Prompt:
Please transcribe every entry below exactly, without including the pictures.
[[ Data for analysis, beginning ]]
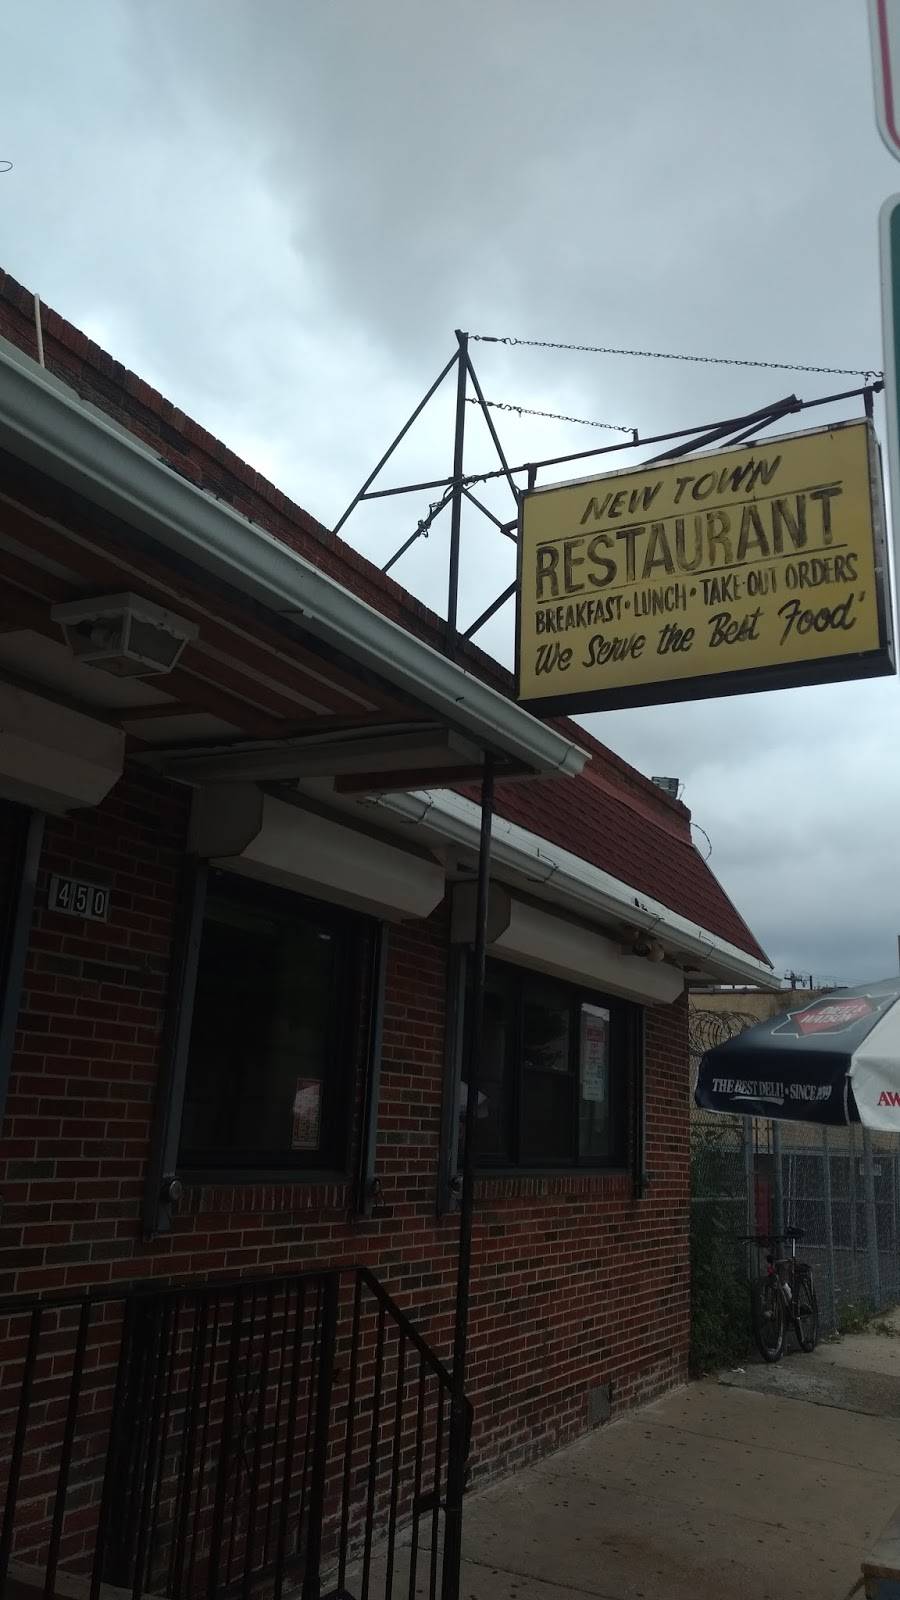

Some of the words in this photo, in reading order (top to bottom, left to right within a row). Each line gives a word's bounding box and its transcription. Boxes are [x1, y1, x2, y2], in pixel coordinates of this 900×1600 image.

[580, 481, 664, 525] NEW
[673, 456, 783, 504] TOWN
[535, 487, 844, 600] RESTAURANT
[536, 595, 623, 635] BREAKFAST
[634, 583, 687, 617] LUNCH
[785, 552, 859, 589] ORDERS
[535, 641, 574, 676] We
[582, 633, 646, 668] Serve
[656, 622, 695, 655] the
[708, 606, 765, 648] Best
[58, 882, 105, 915] 450
[712, 1078, 735, 1093] THE
[734, 1080, 758, 1095] BEST
[790, 1084, 817, 1100] SINCE
[[ Data for analysis, end ]]
Completed exercise:
Some of the words in this photo, in reading order (top to bottom, left to right within a row). Each line gives a word's bounding box and its transcription. Boxes are [x1, y1, x2, y2], in pixel coordinates of this 900×1600 image.

[580, 481, 664, 525] NEW
[673, 456, 783, 504] TOWN
[535, 487, 844, 600] RESTAURANT
[536, 595, 623, 635] BREAKFAST
[634, 583, 687, 617] LUNCH
[785, 552, 859, 589] ORDERS
[535, 641, 574, 676] We
[582, 633, 646, 668] Serve
[656, 622, 695, 655] the
[708, 606, 765, 648] Best
[58, 882, 105, 915] 450
[712, 1078, 735, 1093] THE
[734, 1080, 758, 1095] BEST
[790, 1084, 817, 1100] SINCE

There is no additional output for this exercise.